Title 18, Chapter 109A of the United States Code is the federal law section that regulates federal sex crimes dealing with sexual acts and sexual contact. Some of these crimes criminalize sexual acts, while others criminalize sexual contact.

Federal Sexual Abuse Crimes Law

Federal Sexual Abuse Crimes Law

DIFFERENCES BETWEEN SEXUAL ACTS & SEXUAL CONDUCT:

Sexual acts involve:

(1) Penetration of the penis into the vulva or anus;
(2) Contact between the mouth and the penis, vulva, or anus;
(3) Ppenetration into the anal or genital opening by a finger or any other object with the intent to abuse, humiliate, harass, degrade, or arouse or gratify the sexual desire of another; or
(4) The intentional touching, not through clothing, of the genitalia of someone who is under 16 years old with the intent to abuse, humiliate, harass, degrade, or arouse or gratify the sexual desire of the person.

Sexual contact involves:

The intentional touching of someone of any age, either directly or through clothing, of the genitalia, groin, breast, inner thigh, or buttocks with the intent to abuse, humiliate, harass, degrade, or arouse or gratify the sexual desire of the person.

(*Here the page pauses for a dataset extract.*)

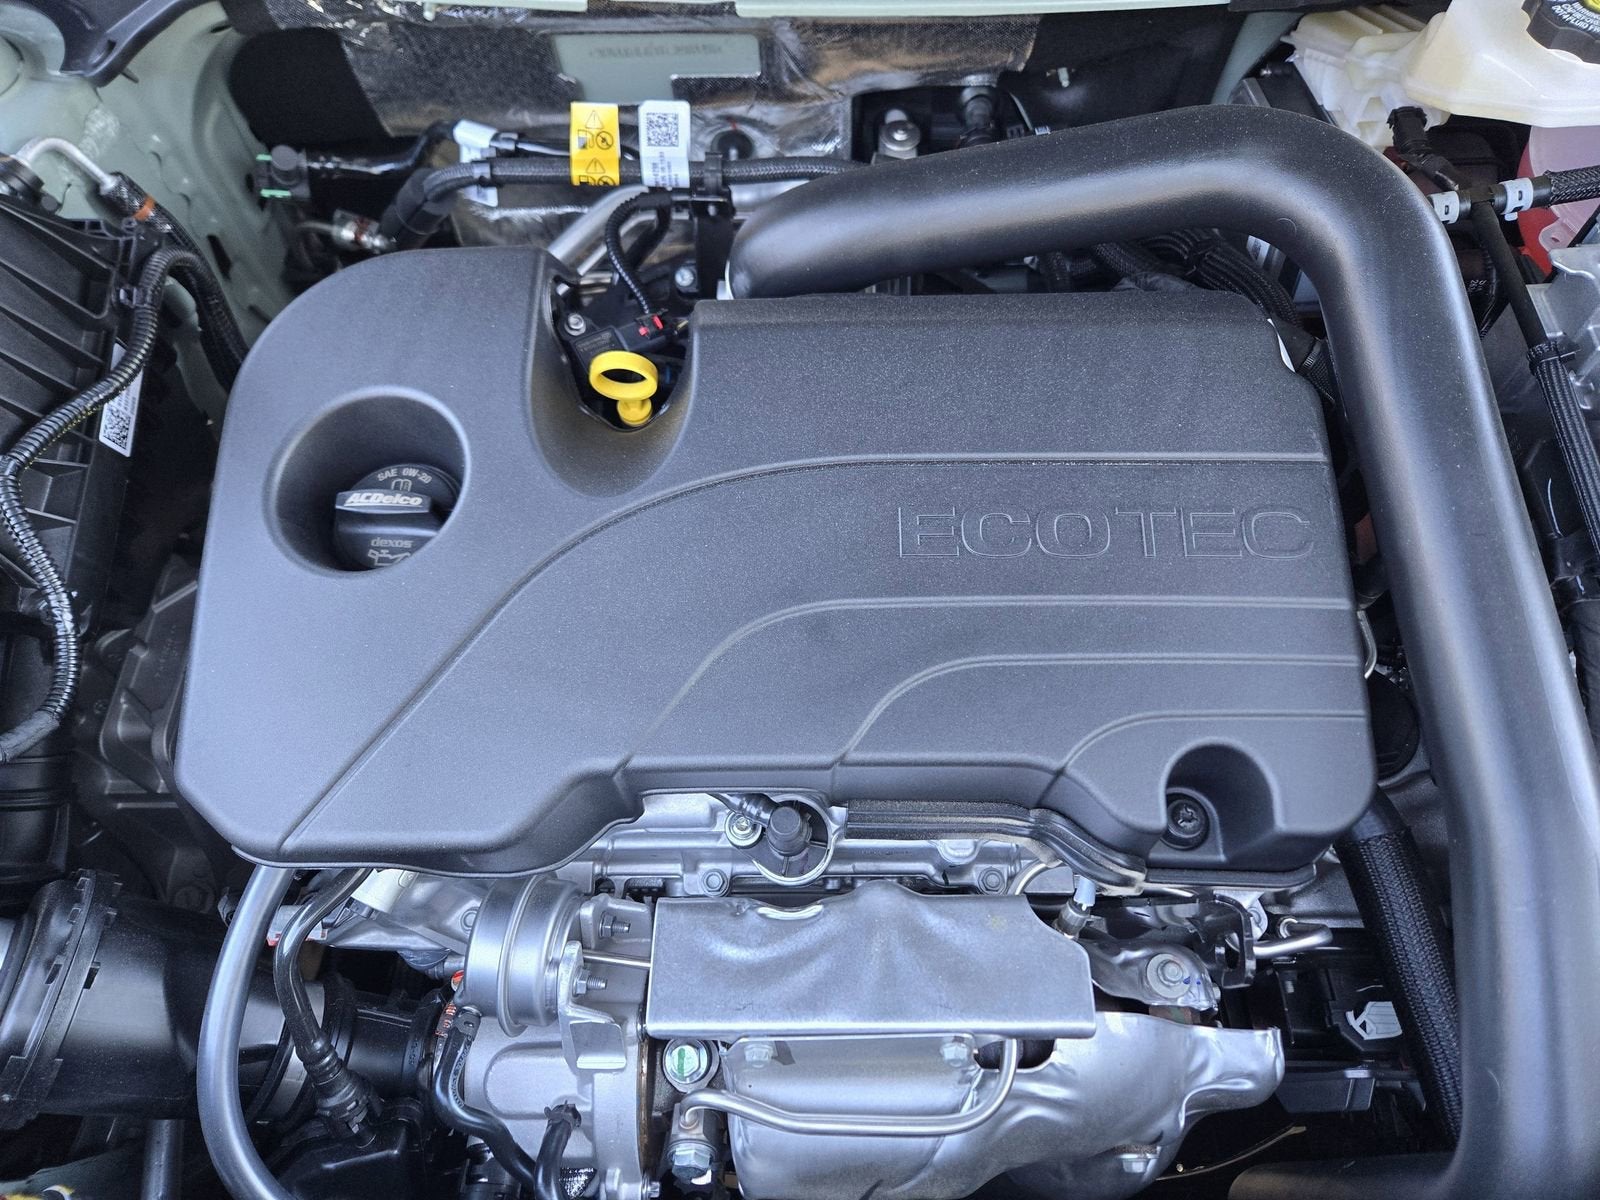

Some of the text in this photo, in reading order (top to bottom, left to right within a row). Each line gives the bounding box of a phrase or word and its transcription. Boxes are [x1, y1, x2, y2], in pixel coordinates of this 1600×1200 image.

[377, 468, 432, 483] SAE 0W-20
[345, 493, 423, 507] ACDelco
[899, 506, 1314, 561] ECOTEC
[370, 537, 414, 548] dexos

Generally, sexual acts bring harsher penalties than sexual contact.

STATUTE OF LIMITATIONS:

The statute of limitations sets a time limit on when a person can be prosecuted in federal court for a criminal offense. The federal statute of limitations is found at Title 18, Section 3282, of the United States Code.

The federal law generally says that a person cannot be prosecuted for a crime after more than 5 years have passed. However, that is a “general statute of limitations” . It applies to all offenses, unless the offense is subject to a specific statute of limitations found elsewhere in the United States Code.

Federal offenses in which a child is the victim have their own specific statute of limitations. The Adam Walsh Child Protection and Safety Act (P.L. 109-248, H.R. 4472, 2006) changed the statute of limitations to enable United States Attorneys to prosecute crimes against children long after they are alleged to have taken place.

The law was drafted in response to the abduction and murder of Adam Walsh, son of America’s Most Wanted Founder John Walsh. Like capital crimes (where the death penalty can be imposed) and terrorism, crimes against children now have no statute of limitation. A federal offense against a minor can be prosecuted at any time, even after many, many decades have passed.

For almost all federal criminal charges involving children, a child is defined as any person who is less than 18 years of age.

These federal sex abuse criminal charges have no statute of limitation:

18 USC 2241: Aggravated sexual abuse:

Engaging in a sex act with a child who is younger than 12 years old, or sexual conduct with a child who is between 12 and 16 years old if the defendant is at least 4 years older.

18 USC 2242 Sexual abuse:

Engaging in a sex act with any person by force or threat of force, or where the other person cannot legally consent.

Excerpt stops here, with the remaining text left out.